Mała, na oko pięcioletnia dziewczynka, stała na pomoście obok swojej matki i przyglądała się dwójce nastolatków spacerujących brzegiem morza. Amelka, bo tak miała na imię, zdziwiła się tym, że obydwoje mieli jedno białe pasmo włosów. Chłopak obejmował dziewczynę w pasie, a ona położyła mu głowę na ramieniu. Melka była zafascynowana, kiedy nieznajomi usiedli niedaleko niej na pomoście.
– Niedługo wszystko się rozstrzygnie, Percy – powiedziała blondynka. – Wszystko się skończy.
– Tylko jak, Annabeth, jak? – zapytał Percy z żalem w głosie.

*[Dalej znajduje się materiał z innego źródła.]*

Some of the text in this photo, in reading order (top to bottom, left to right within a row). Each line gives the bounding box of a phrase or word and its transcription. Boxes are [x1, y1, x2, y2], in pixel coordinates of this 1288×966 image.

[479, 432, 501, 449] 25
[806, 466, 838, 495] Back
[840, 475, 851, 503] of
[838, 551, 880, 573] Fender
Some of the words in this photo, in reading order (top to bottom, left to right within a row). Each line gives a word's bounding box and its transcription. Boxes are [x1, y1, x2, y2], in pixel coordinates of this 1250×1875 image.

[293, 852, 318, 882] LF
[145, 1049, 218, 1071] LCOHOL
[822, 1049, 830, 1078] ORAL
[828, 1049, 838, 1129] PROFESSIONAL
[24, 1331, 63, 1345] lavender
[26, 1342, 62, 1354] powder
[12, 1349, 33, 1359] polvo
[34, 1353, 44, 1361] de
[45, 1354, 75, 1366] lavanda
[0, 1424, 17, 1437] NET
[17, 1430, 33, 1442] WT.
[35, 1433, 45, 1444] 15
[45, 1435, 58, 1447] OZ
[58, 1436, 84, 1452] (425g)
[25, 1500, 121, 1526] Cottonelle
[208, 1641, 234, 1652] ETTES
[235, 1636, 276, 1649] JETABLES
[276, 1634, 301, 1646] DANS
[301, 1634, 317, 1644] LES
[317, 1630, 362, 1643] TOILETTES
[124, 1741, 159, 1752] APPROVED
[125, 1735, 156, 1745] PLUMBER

Amelka znała już ich imiona i postanowiła, że swoje nowe lalki nazwie właśnie na ich cześć. Annabeth wtuliła się w chłopaka, a on zanurzył bose nogi w chłodnej wodzie.
– Amelia, wracamy! – wykrzyknęła mama dziewczynki, a ona, podskakując ze strachu upuściła swoją lalkę do morza. Uwagę nastolatków odwrócił plusk. Oboje widzieli, co się stało.

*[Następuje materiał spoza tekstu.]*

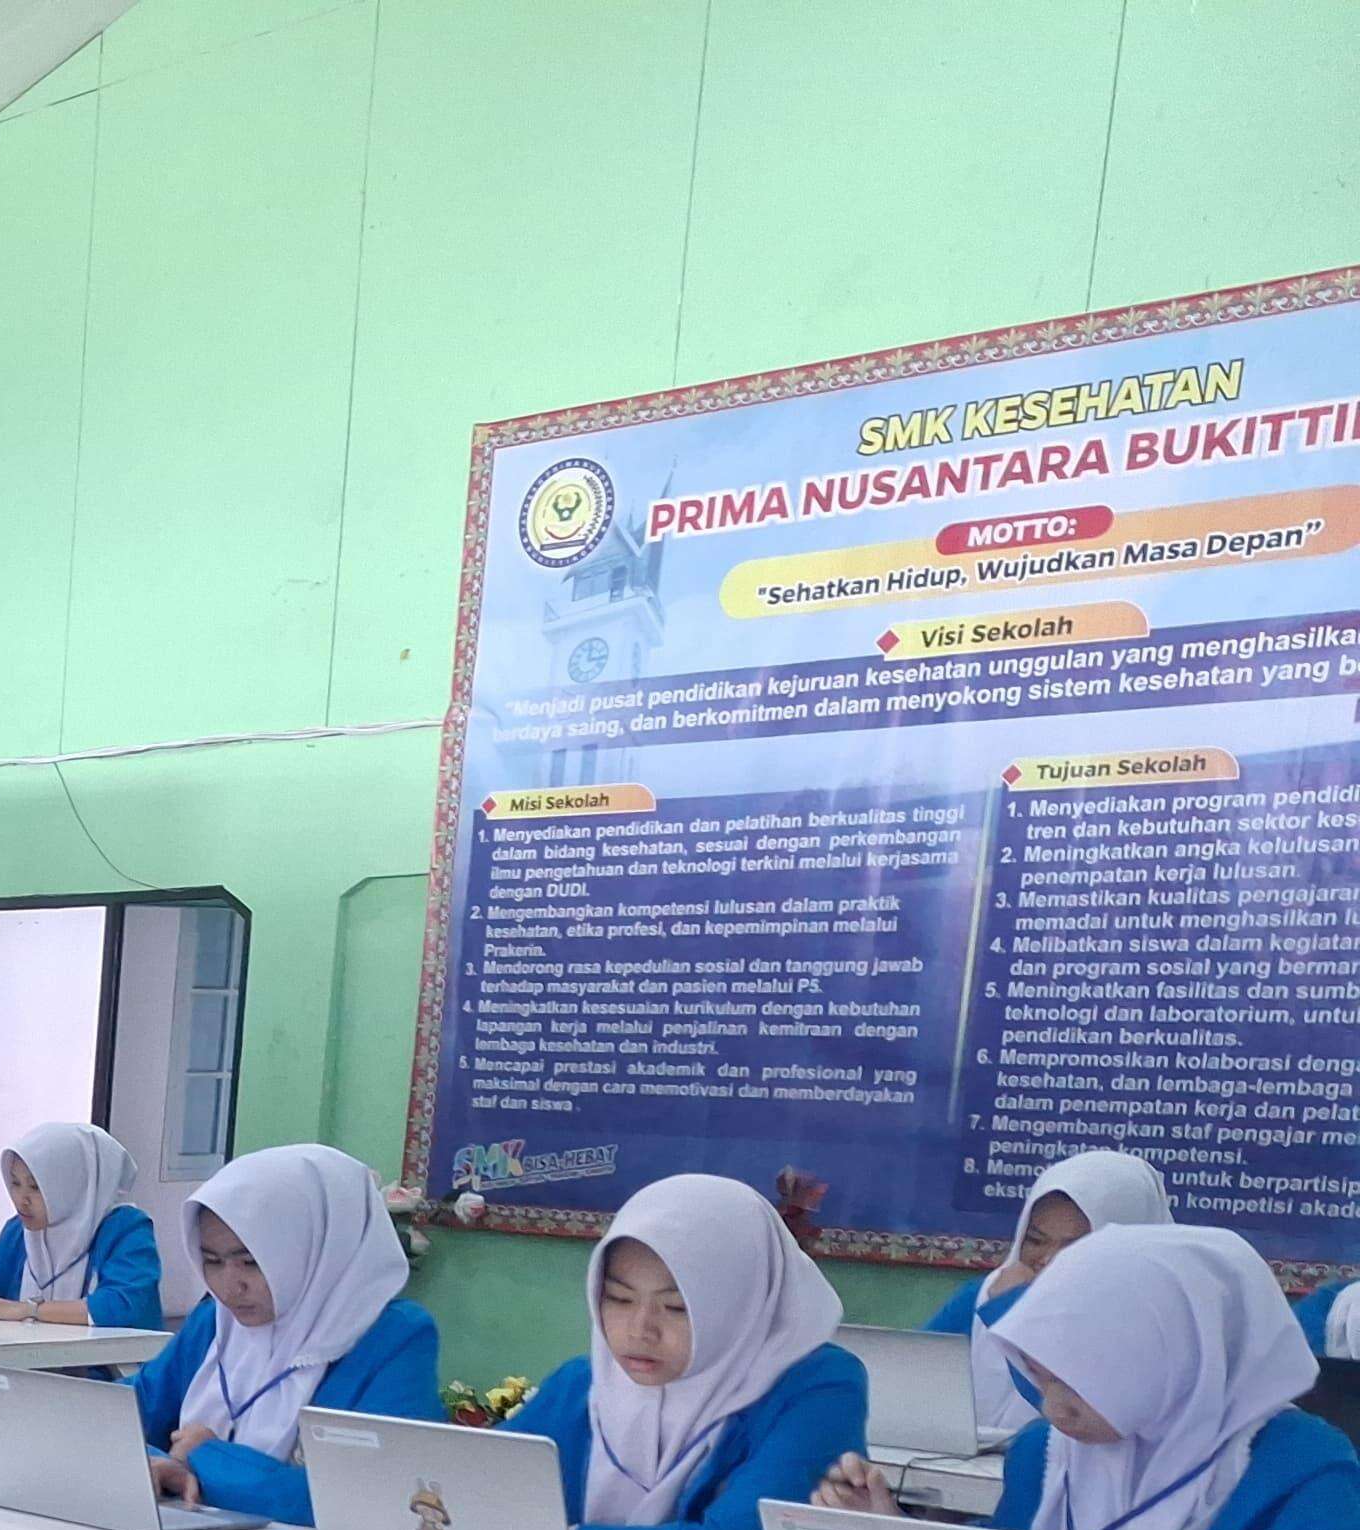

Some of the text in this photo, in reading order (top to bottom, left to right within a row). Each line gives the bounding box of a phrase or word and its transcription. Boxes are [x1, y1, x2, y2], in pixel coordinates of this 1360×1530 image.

[858, 359, 1244, 454] SMK KESEHATAN
[650, 484, 788, 537] PRIMA
[803, 439, 1109, 515] NUSANTARA
[967, 515, 1077, 547] MOTTO:
[886, 566, 967, 594] Hidup,
[977, 549, 1115, 582] Wujudkan
[1123, 542, 1198, 565] Masa
[921, 616, 1073, 648] Visi Sekolah
[589, 690, 644, 714] pusat
[648, 681, 762, 707] pendidikan
[767, 672, 859, 698] kejuruan
[866, 660, 980, 688] kesehatan
[988, 649, 1104, 680] unggulan
[1111, 643, 1173, 669] yang
[1180, 627, 1360, 662] menghasilka
[567, 715, 625, 738] saing,
[629, 712, 667, 731] dan
[673, 702, 809, 728] berkomitmen
[814, 696, 880, 718] dalam
[886, 683, 1021, 714] menyokong
[1028, 674, 1110, 700] sistem
[1117, 662, 1252, 693] kesehatan
[1262, 659, 1329, 686] yang
[1036, 755, 1207, 782] Tujuan Sekolah
[510, 793, 610, 812] Misi Sekolah
[1006, 801, 1022, 818] 1.
[1029, 795, 1166, 822] Menyediakan
[1171, 791, 1267, 816] program
[493, 826, 591, 844] Menyediakan
[596, 822, 683, 840] pendidikan
[690, 819, 719, 833] dan
[725, 815, 802, 834] pelatihan
[808, 809, 906, 828] berkualitas
[913, 804, 965, 825] tinggi
[1027, 814, 1310, 840] tren dan kebutuhan sektor
[492, 829, 961, 861] dalam bidang kesehatan, sesuai dengan perkembangan
[1000, 847, 1017, 864] 2.
[1024, 841, 1168, 866] Meningkatkan
[1174, 841, 1241, 861] angka
[1020, 868, 1148, 890] penempatan
[1154, 864, 1206, 884] kerja
[487, 904, 613, 922] Mengembangkan
[618, 900, 709, 920] kompetensi
[714, 898, 776, 914] lulusan
[781, 897, 833, 914] dalam
[838, 895, 900, 915] praktik

– Percy – powiedziała Ann wskazując na wodę. Chłopiec domyślając się o co chodzi przyjaciółce położył się płasko na twardych deskach i zanurzył rękę w chłodnej cieczy. Po chwili trzymał w niej zabawkę Melki, ktorej zapewne tylko wydawało się, że lalka upadła na samo dno głębokiej zatoczki.
– To chyba należy do ciebie – uśmiechnął się Percy, oddając jej jej własność. Amelka w popłochu chwyciła ją i odbiegła chowając się za spódnicą mamy.
***
Niedługo potem Amelia dostała dwie nowe lalki. Jedna z nich przedstawiała chłopca, bruneta, a druga jasnowłosą dziewczynę. Na prośbę Melki jej tata domalował na ich włosach po cienkim, białym pasku, skleił ich ręce razem, a na pomarańczowych koszulkach napisał imiona: ,,Annabeth” i ,,Percy”.
***
Dziesięć lat później Mela byłą już piętnastoletnią dziewczyną i dawno wyrosła z wieku, kiedy bawiła się zabawkami. Prawie wszystkie oddała już dzieciom sąsiadów, ale z dwoma nie mogła się rozstać.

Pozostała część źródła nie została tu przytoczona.